February 7, 2002
8:31 AM   Subscribe

There's no better way to go back in time than listening to airchecks -- recorded segments of top 40 radio from years past, often an hour long, sometimes including commercials and news.
posted by luser (12 comments total)
 
This is one of the coolest things i've ever seen on the net. Strangely, it doesn't feel good to reminisce. Instead, I want to throw up.

We're all getting very very old, very very quickly.
posted by jpoulos at 9:05 AM on February 7, 2002


Great link! Cousin Brucie, WABC New York, February, 1968. Boy, does that bring me back.
posted by crunchland at 9:15 AM on February 7, 2002


Does anybody remember a show from the early 90s, syndicated out of K-Rock in New York, called something like the K-Rock 100? It was on Sunday night, and it was the top 100 metal songs that week. God, I loved that show. Does it still exist?
posted by starvingartist at 9:27 AM on February 7, 2002


thats great! i used to love listening to WLS in Chicago back in the early 80s. can't get enough.
posted by jbelshaw at 10:03 AM on February 7, 2002


Great link, I'd been looking for something like this. Thanks!
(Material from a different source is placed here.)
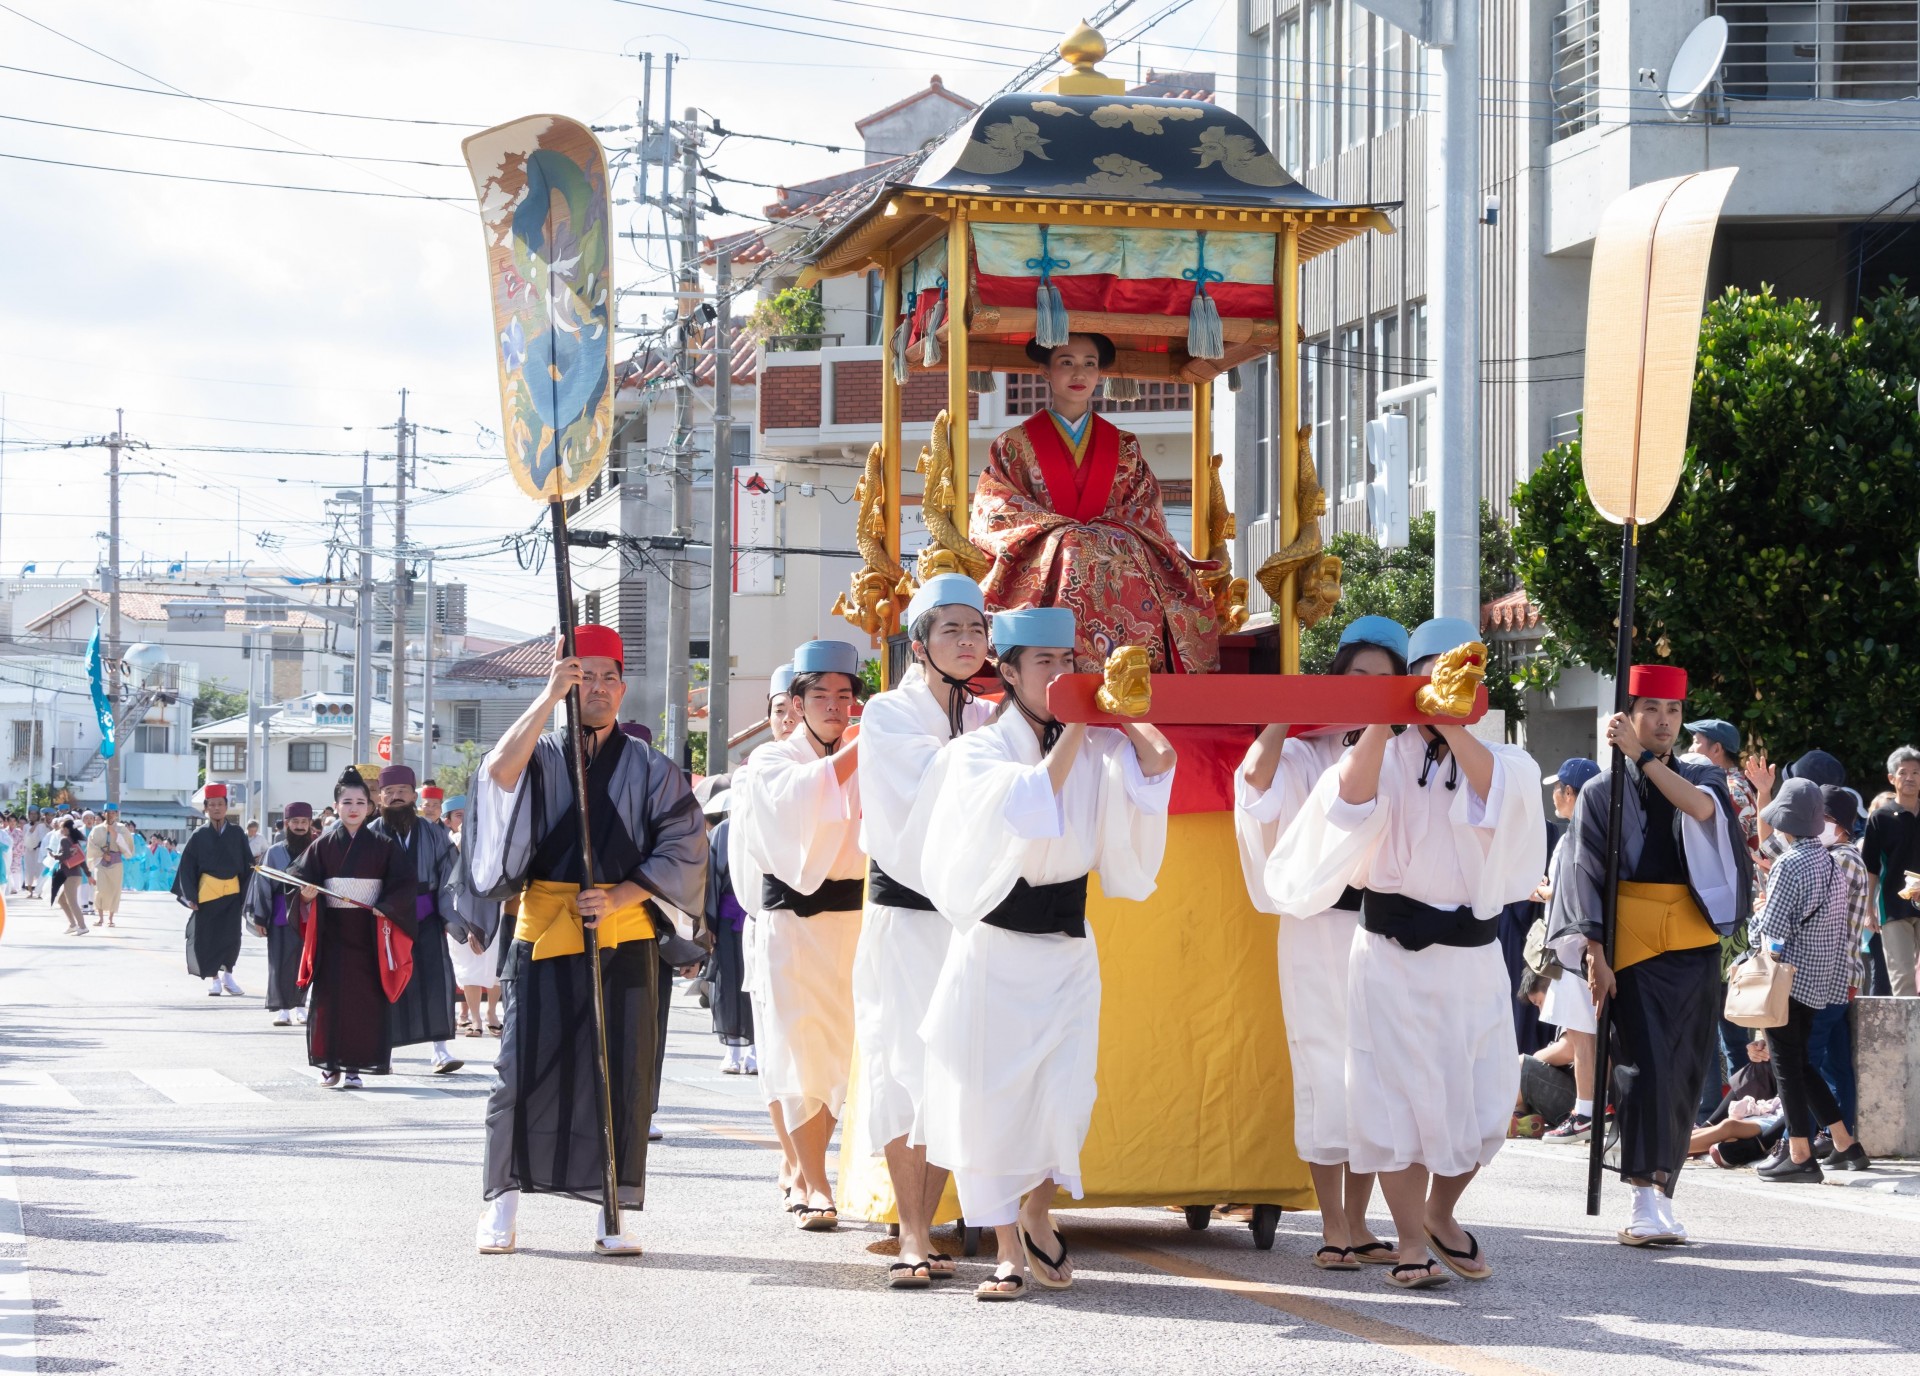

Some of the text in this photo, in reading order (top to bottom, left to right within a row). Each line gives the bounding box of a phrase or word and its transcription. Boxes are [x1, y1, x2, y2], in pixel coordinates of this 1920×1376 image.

I'm another aging WLS fanatic, in the '60's they had a great lineup of jocks, and I found many samples on this site. WLS had a powerful signal and could be heard almost across the country. I remember driving my dad crazy on a vacation to Arizona, listening to the same top 40 tunes (and commercials) over and over and over.....
posted by groundhog at 10:25 AM on February 7, 2002


Anybody check out Rush Limbaugh from 1971? Hahahaha!

Fantastic link, luser.
posted by briank at 12:11 PM on February 7, 2002


Cool as hell.
I love radio culture, it's soooo cheezy.
posted by dong_resin at 12:53 PM on February 7, 2002


luser, thanks for the link. That stuff is amazingly cool. I can't stop listening to Mad Daddy Pete Myers (with masterful use of tape echo) and KCBQ San Francisco's insane Last Contest from 1972.
posted by tranquileye at 2:59 PM on February 7, 2002


Gawd, the prank phone call from Dick Purtan on CKLW is hysterical. There used to be a pirate radio station on shortwave that did a letter-perfect rendition of CKLW The Big 8, which was the soundtrack to my childhood. Scary. I agree with jpoulos; I want to throw up too. :-)
posted by geneablogy at 4:33 PM on February 7, 2002


Every month for a year in 1992, I recorded 5 minutes of each of the whopping 36 channels we had back then. The taping began at 6 PM; 5 random minutes of each channel, starting from the first channel, 2, proceeding in order to channel 36, were recorded. Then, keeping the tape running, I switched to the next channel, and so forth. Each tape was labeled "Television: 3/13/92 6PM-9PM" and, when the project was complete, I made a special box for them out of wood, labeled "Television: 1992", which I used as one of the pieces for my high school AP art portfolio (I don't know where I got so savvy and hip in Chambersburg, PA pre web).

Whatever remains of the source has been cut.